Curitiba- Em março deste ano, o Ibama informou que iria deflagrar uma campanha nacional para exterminar o molusco africano. A campanha começaria pelo munípio de Parnamirim, no Rio Grande do Norte, em função da alta incidência. Os caramujos seriam catados, esmagados com rolo compressor e enterrados a 1,5 metro de profundidade, com cal virgem, para evitar a contaminação do lençol freático. O trabalho, seguindo o Ibama, duraria entre 30 a 60 dias. Depois, o método seria adotado em todo o Brasil.
Parnamirim foi apenas o início de uma série de outros casos que ocorreram no País. Em maio, o Ibama divulgou que o Parque Nacional da Chapada dos Guimarães, na Bahia, corria risco de ser infestado pelo molusco africano, o que poderia causar grande desequilíbrio à ecologia. Os caramujos teriam chegaram à Chapada há quatro anos levados por um morador.
Em abril, um relatório do Ibama alertava o alastrando por pelo menos dez municípios do Mato Grosso e em mais 15 estados brasileiros. No início de junho, órgãos públicos do Rio de Janeiro realizaram operações em bairros cariocas para o recolhimento do caracol. A população foi orientada a não tocar no molusco. Foram distribuídos sacos plásticos para a coleta dos bichos, que deveriam permanecer em em sal grosso durante 15 dias para desidratarem. Depois, a população era orientada a quebrar a concha.

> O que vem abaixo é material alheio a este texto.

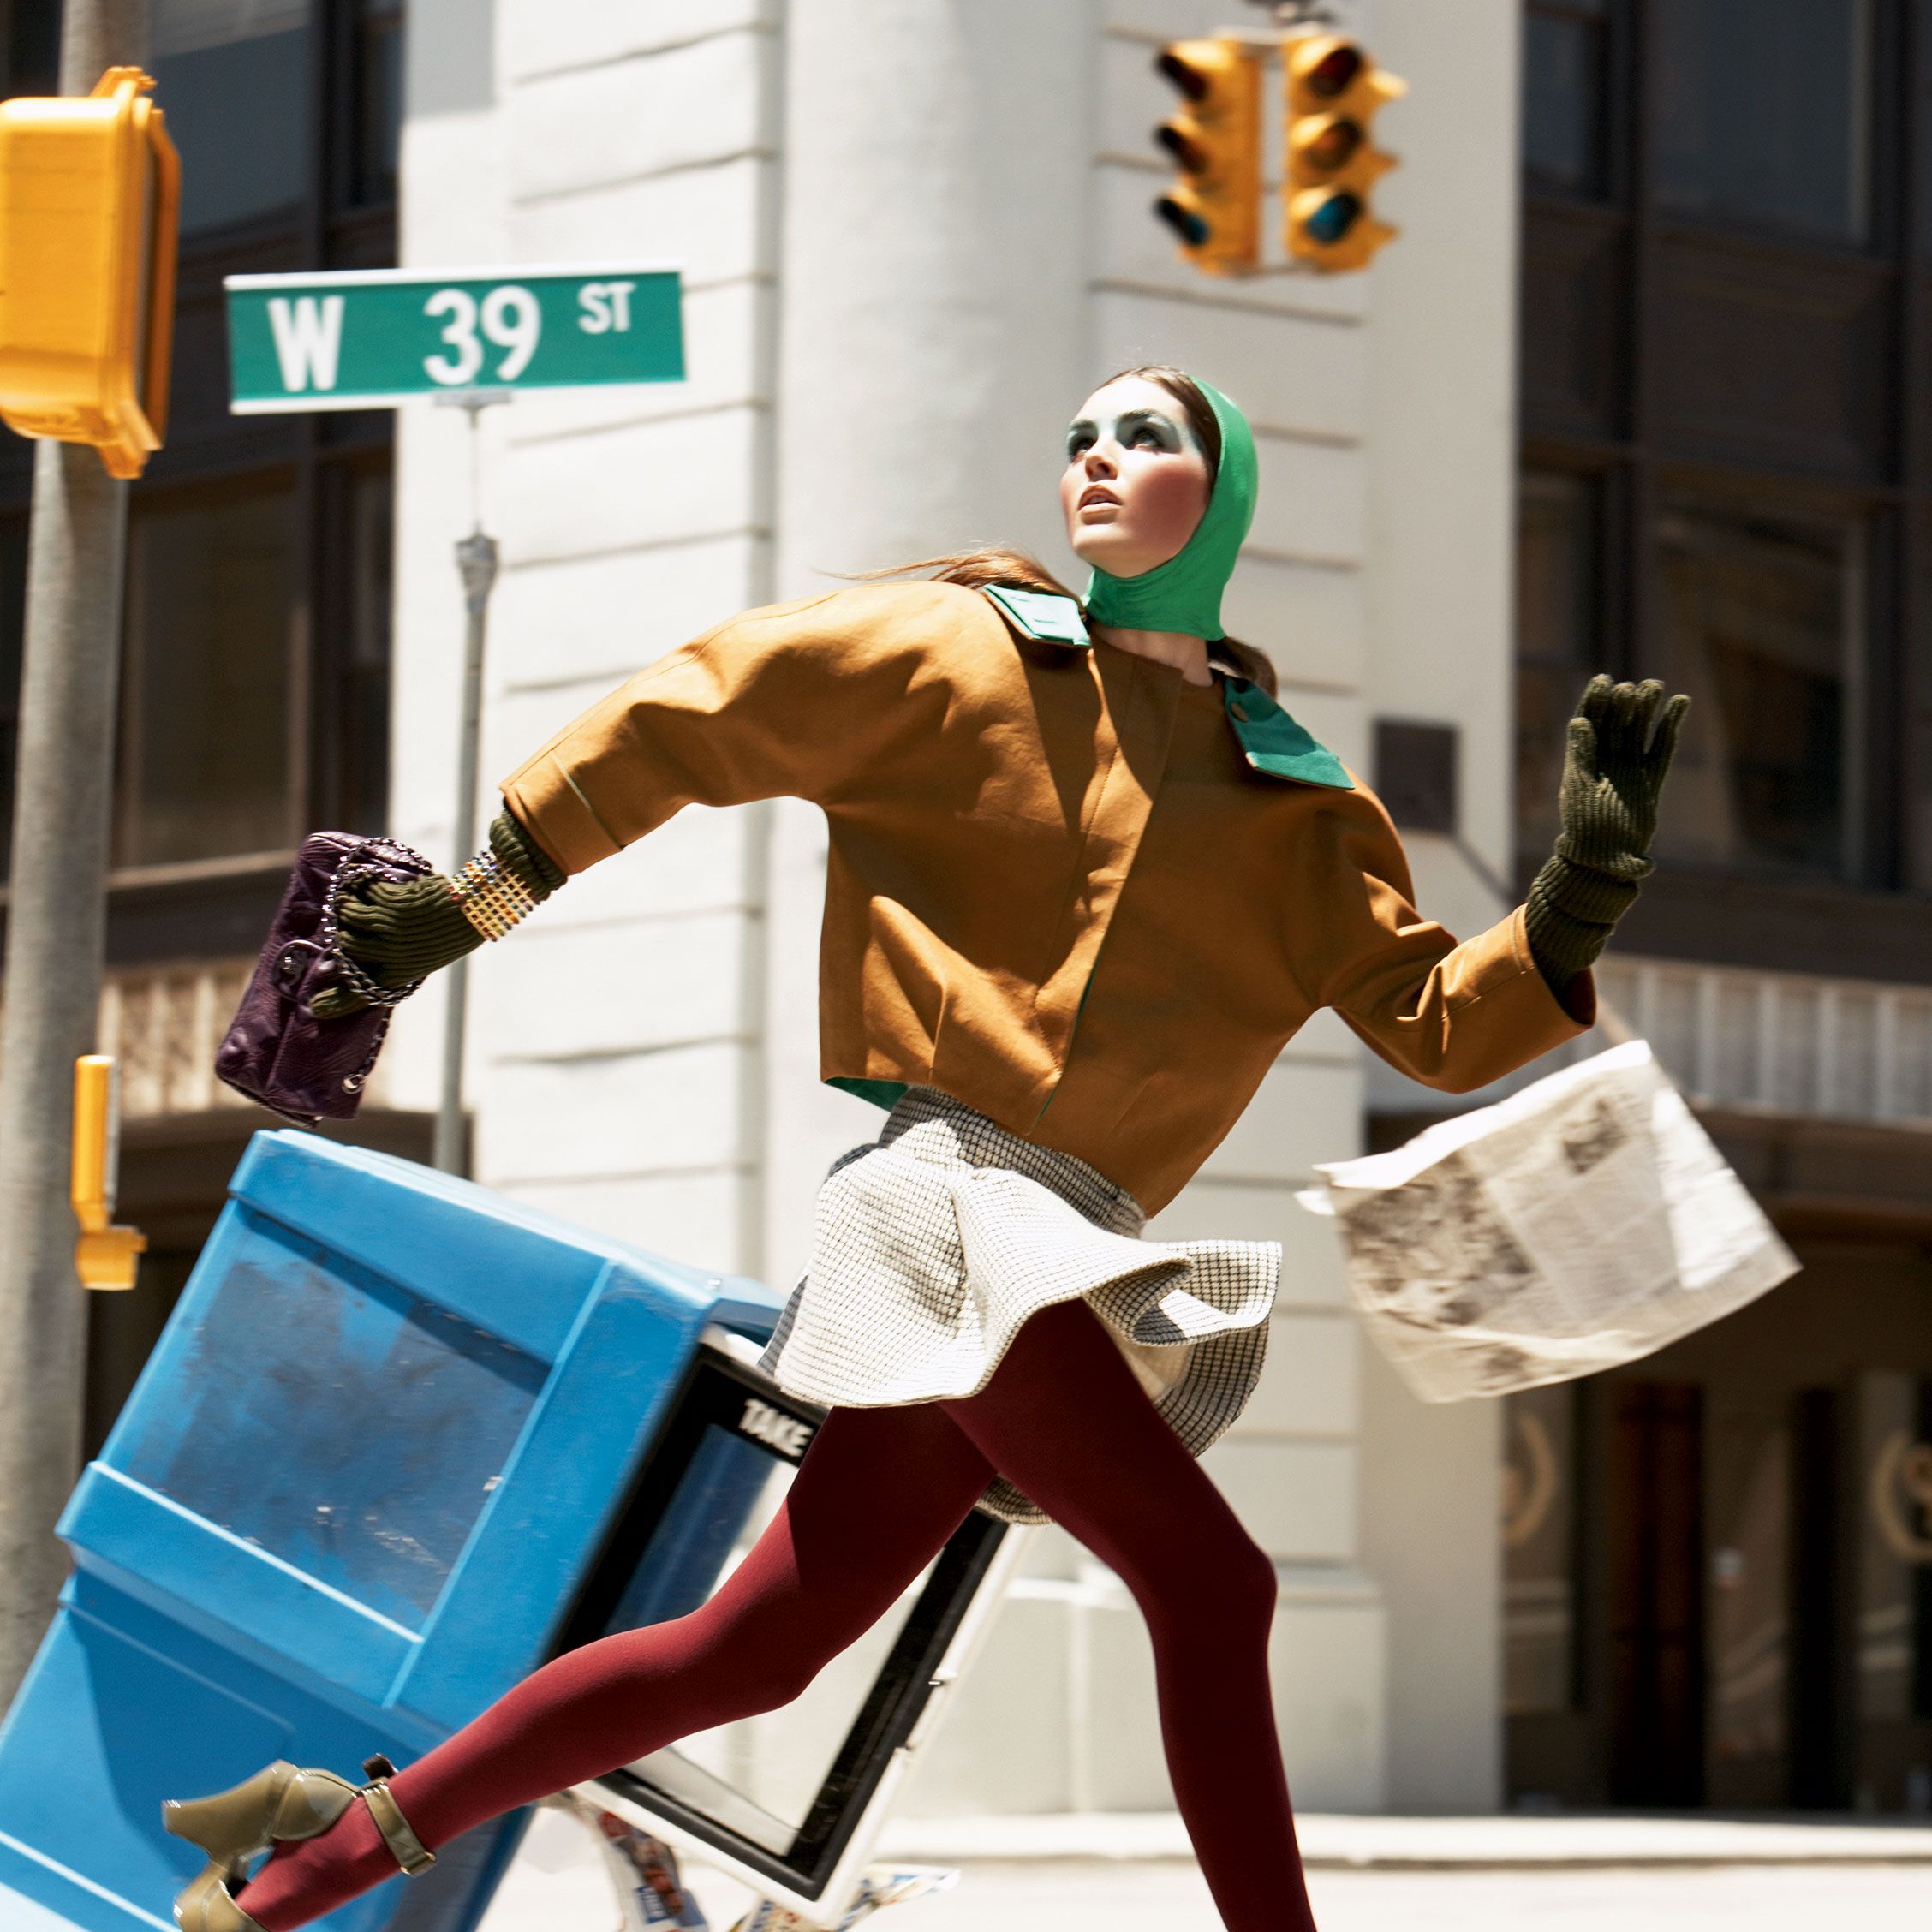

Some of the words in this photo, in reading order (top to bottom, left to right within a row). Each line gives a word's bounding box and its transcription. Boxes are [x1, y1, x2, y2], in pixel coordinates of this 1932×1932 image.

[267, 295, 344, 392] W
[423, 285, 541, 385] 39
[577, 282, 636, 334] ST
[738, 1398, 814, 1457] TAKE
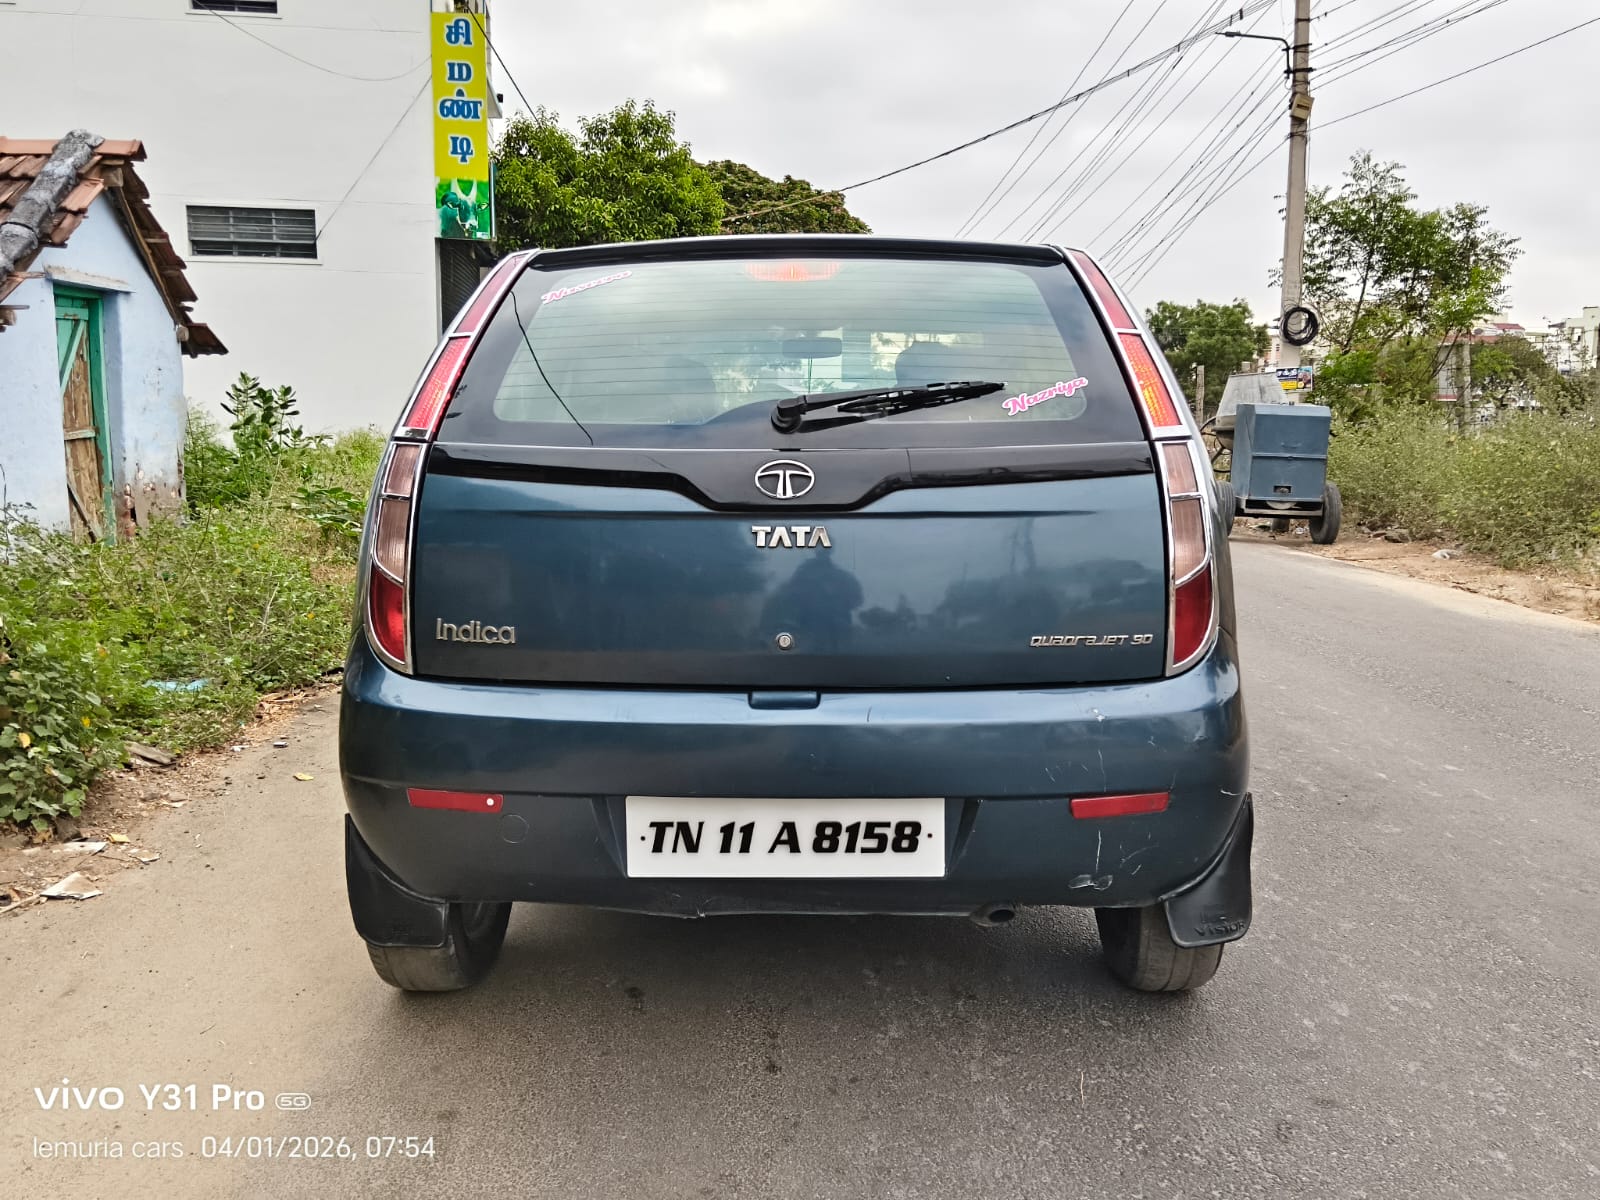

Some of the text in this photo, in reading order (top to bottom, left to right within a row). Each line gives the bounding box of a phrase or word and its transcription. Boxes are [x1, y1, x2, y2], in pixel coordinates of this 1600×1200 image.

[1002, 377, 1088, 415] Nazriya
[751, 525, 832, 548] TATA
[435, 617, 516, 644] Indica
[1130, 633, 1153, 645] 90
[649, 821, 922, 854] TN 11 A 8158
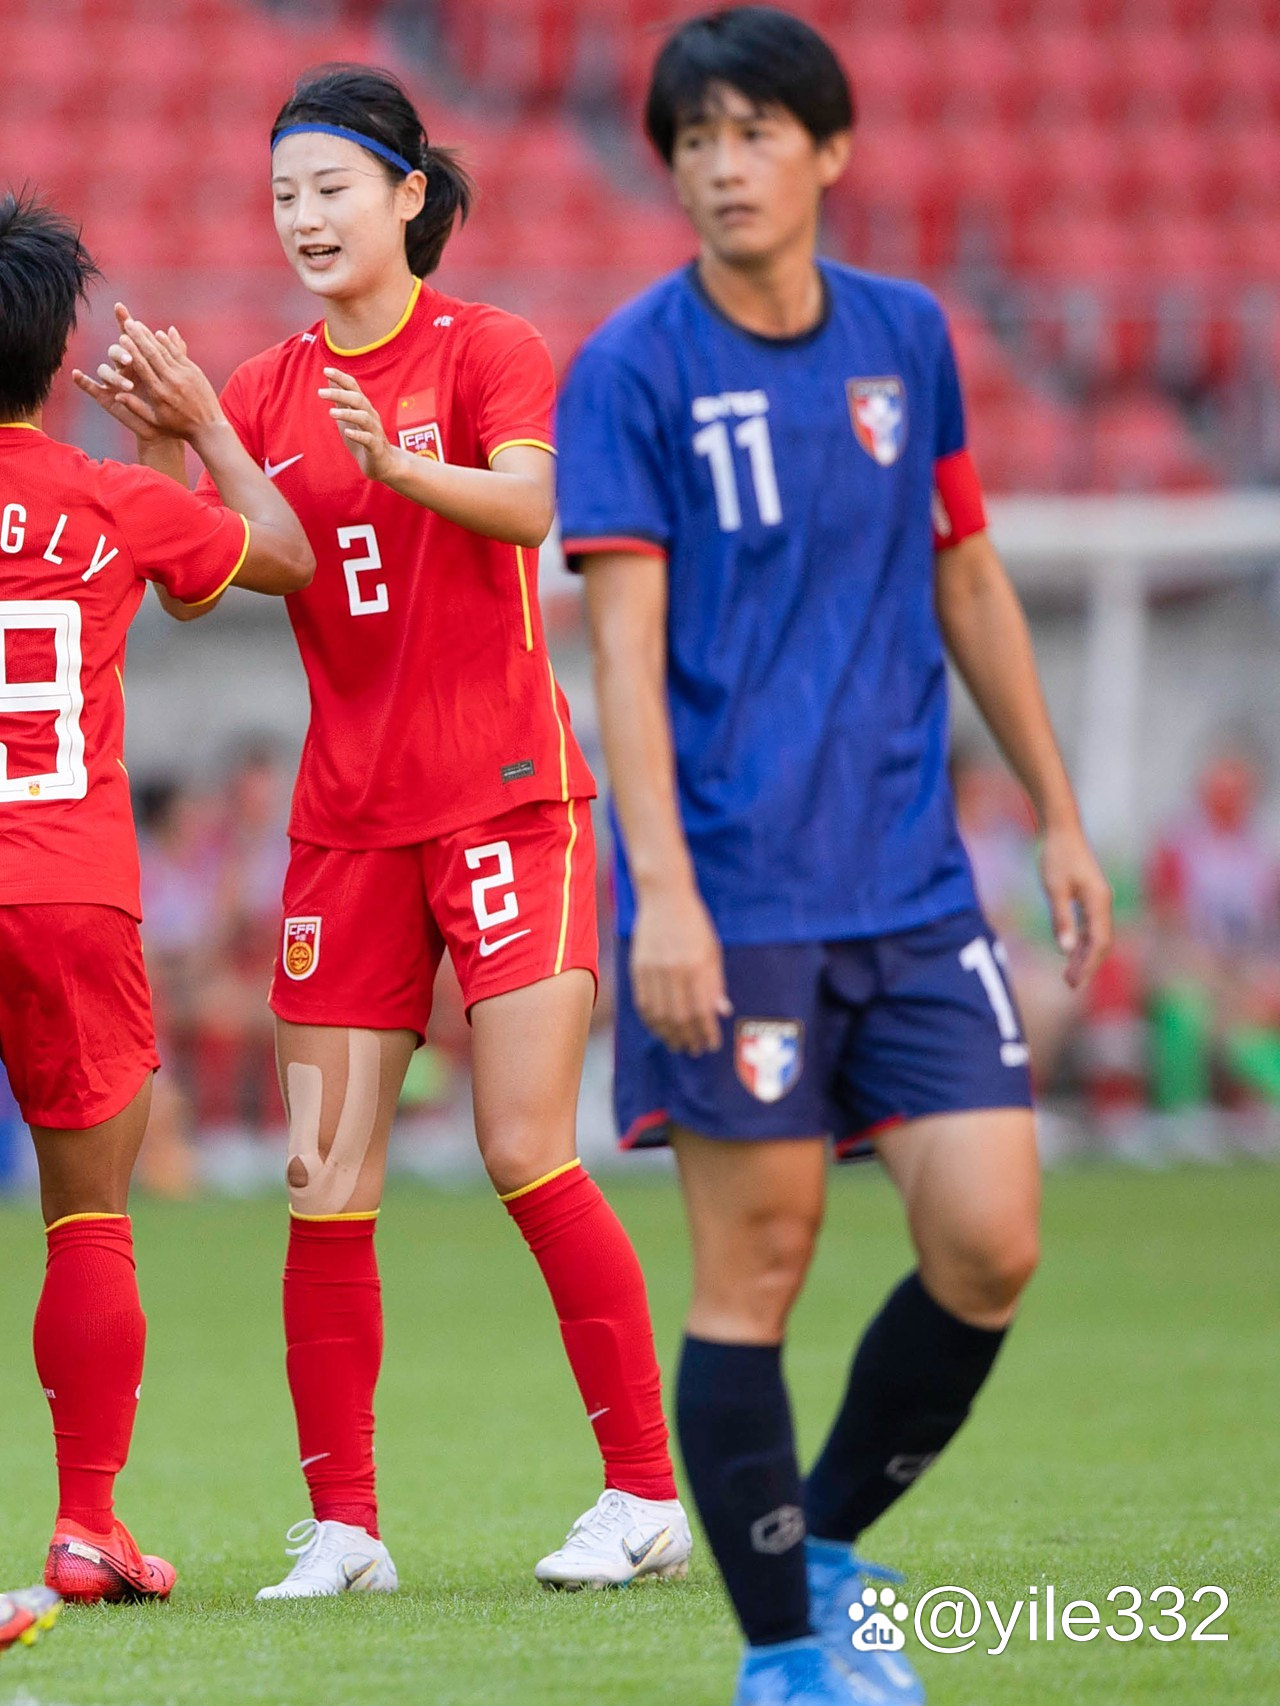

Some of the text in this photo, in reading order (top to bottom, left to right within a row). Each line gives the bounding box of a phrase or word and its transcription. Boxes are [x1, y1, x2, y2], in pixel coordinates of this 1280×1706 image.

[405, 430, 435, 447] CFA
[692, 416, 784, 532] 11
[336, 524, 389, 617] 2
[289, 923, 316, 935] CFA
[464, 840, 519, 931] 2
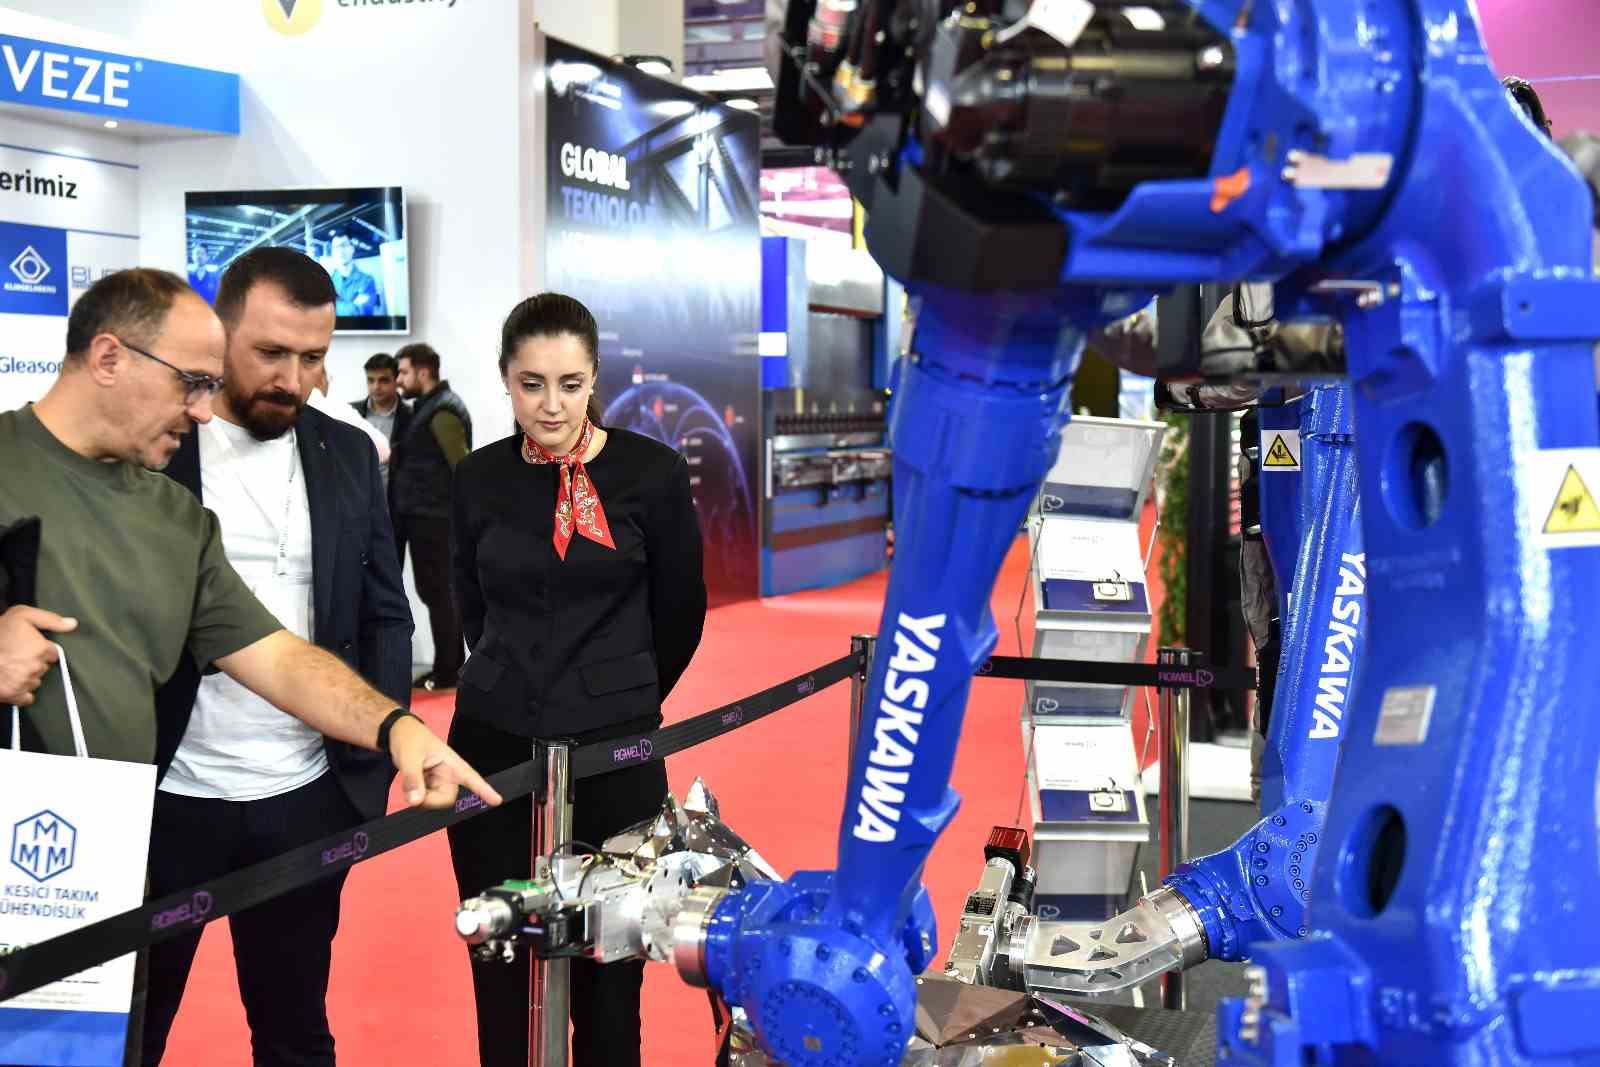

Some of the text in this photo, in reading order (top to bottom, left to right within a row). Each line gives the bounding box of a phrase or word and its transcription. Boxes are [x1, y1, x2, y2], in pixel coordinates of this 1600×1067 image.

[560, 142, 630, 191] GLOBAL
[852, 612, 947, 843] YASKAWA
[1308, 552, 1368, 740] YASKAWA

Sem predadores no Brasil, o único método que vem mostrado resultados satisfatórios a longo prazo é a coleta e destruição além da eliminação de lixo acumulado nas cidades. O trabalho depende de ação conjunta com a população. Uma assessoria técnico-cientifica adequada é imprescindível para evitar que outras espécies naturais sejam coletadas e destruídas juntamente com a praga. O uso de pesticidas é inviável, pois, por serem altamente tóxicos, podem contaminar animais e o próprio homem. (M.G.)